Interactions between gluconeogenesis and sodium transport in rabbit proximal tubule.

Gluconeogenesis and sodium transport are ATP-requiring functions of the renal proximal tubule. Previously observed interactions between these processes indicated that they may compete for cellular energy. We have reevaluated this interaction in the rabbit proximal tubule using two preparations: suspensions of cortical tubules and isolated perfused tubules. In the presence of lactate and alanine, net glucose synthesis was 22.3 +/- 1.3 nmol X mg protein-1 .30 min-1. Additions of valerate, butyrate, or succinate increased this rate by factors of 2-3 without affecting cellular ATP levels or net fluid absorption (Jv). Inhibition of ATP production with rotenone, which we have previously shown to inhibit Jv [Am. J. Physiol. 243 (Renal Fluid Electrolyte Physiol. 12): F133-F140, 1982], greatly decreased the gluconeogenic rate, but this was modulated by the type of gluconeogenic substrate used. Increasing Na-K-ATPase activity with nystatin or decreasing it with ouabain had widely differing effects, which also depended on the substrate regimen.

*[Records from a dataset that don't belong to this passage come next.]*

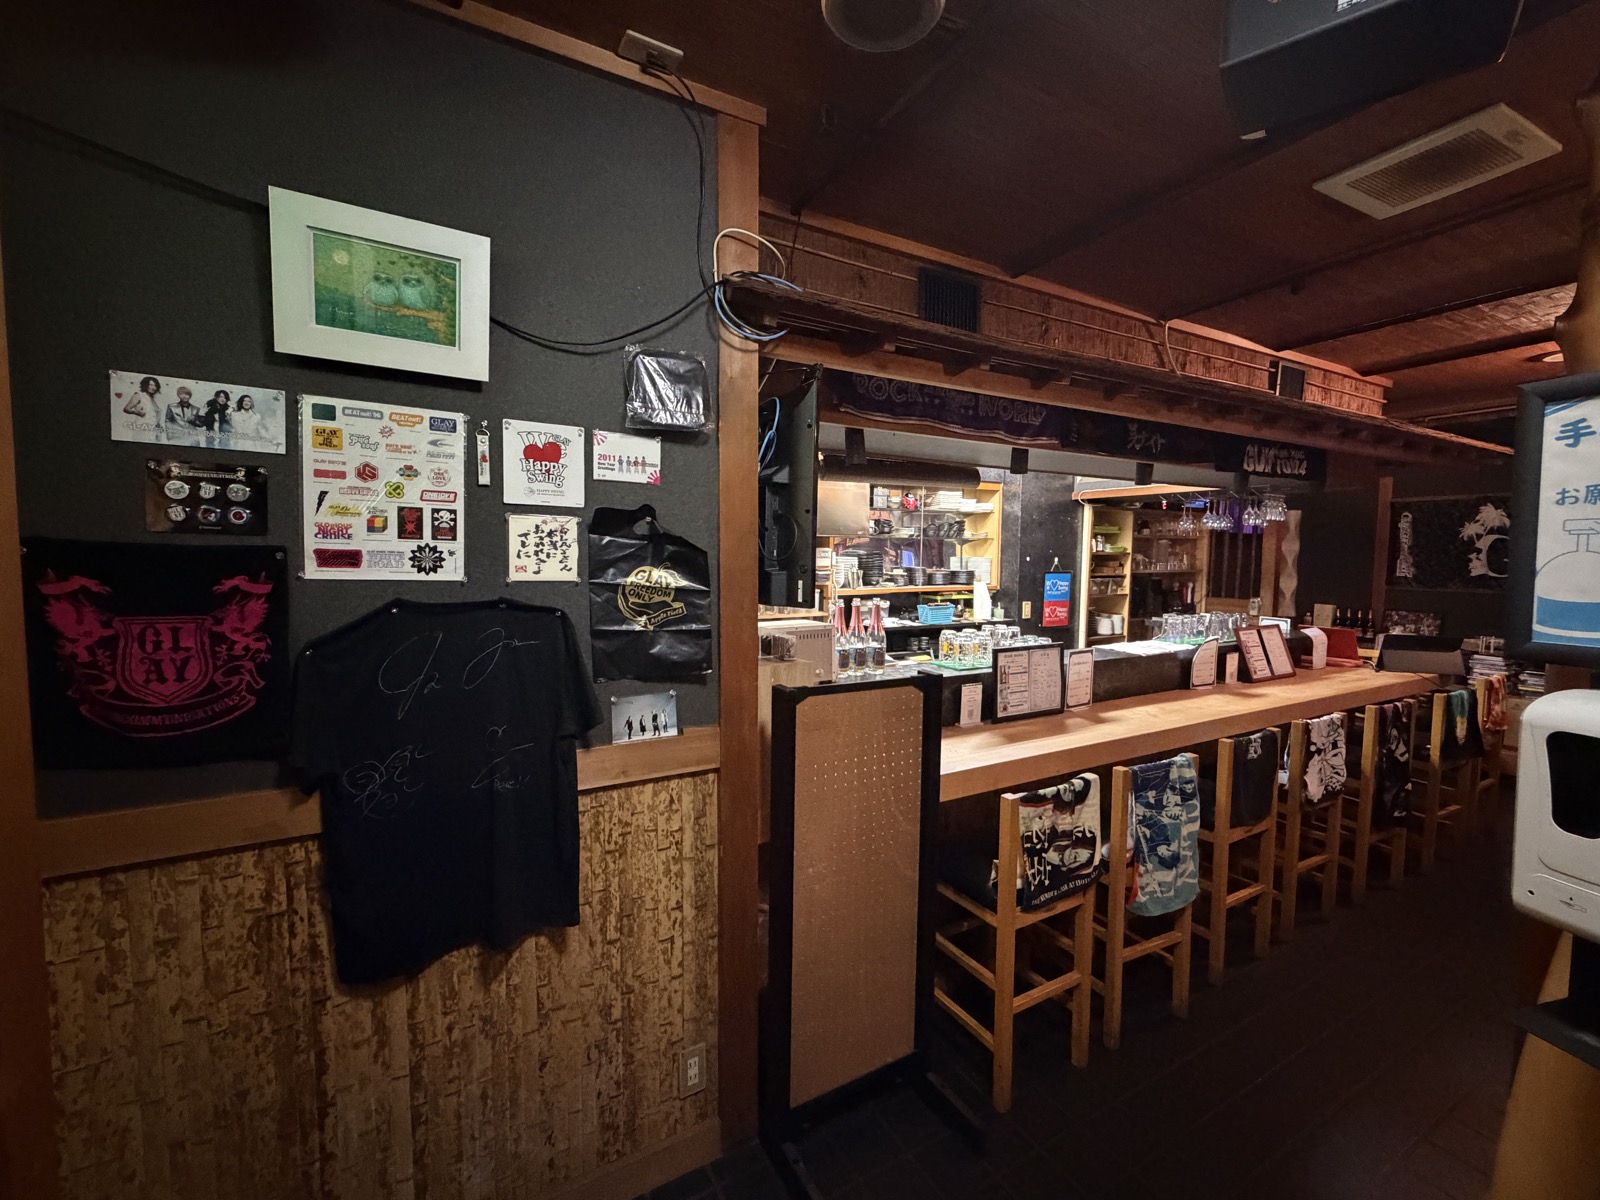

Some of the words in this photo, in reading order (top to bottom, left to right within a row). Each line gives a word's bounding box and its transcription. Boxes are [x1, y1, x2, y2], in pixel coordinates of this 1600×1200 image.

[122, 420, 156, 432] GLAY
[431, 418, 456, 427] GLAY
[315, 428, 340, 436] GLAY
[597, 453, 616, 463] 2011
[519, 458, 568, 477] Happy
[526, 470, 566, 488] Swing
[318, 526, 349, 535] NIGHT
[628, 588, 655, 602] ONLY
[629, 580, 672, 599] FREEDOM
[138, 624, 194, 655] GL
[139, 655, 196, 686] AY

We conclude that the interaction between gluconeogenesis and active sodium transport cannot be described by a simple competition for ATP. Rather, under normal circumstances, the renal proximal tubule can meet the energetic demands of both gluconeogenesis and sodium transport, and control of these processes is multifactorial and sensitive to fatty acid metabolism.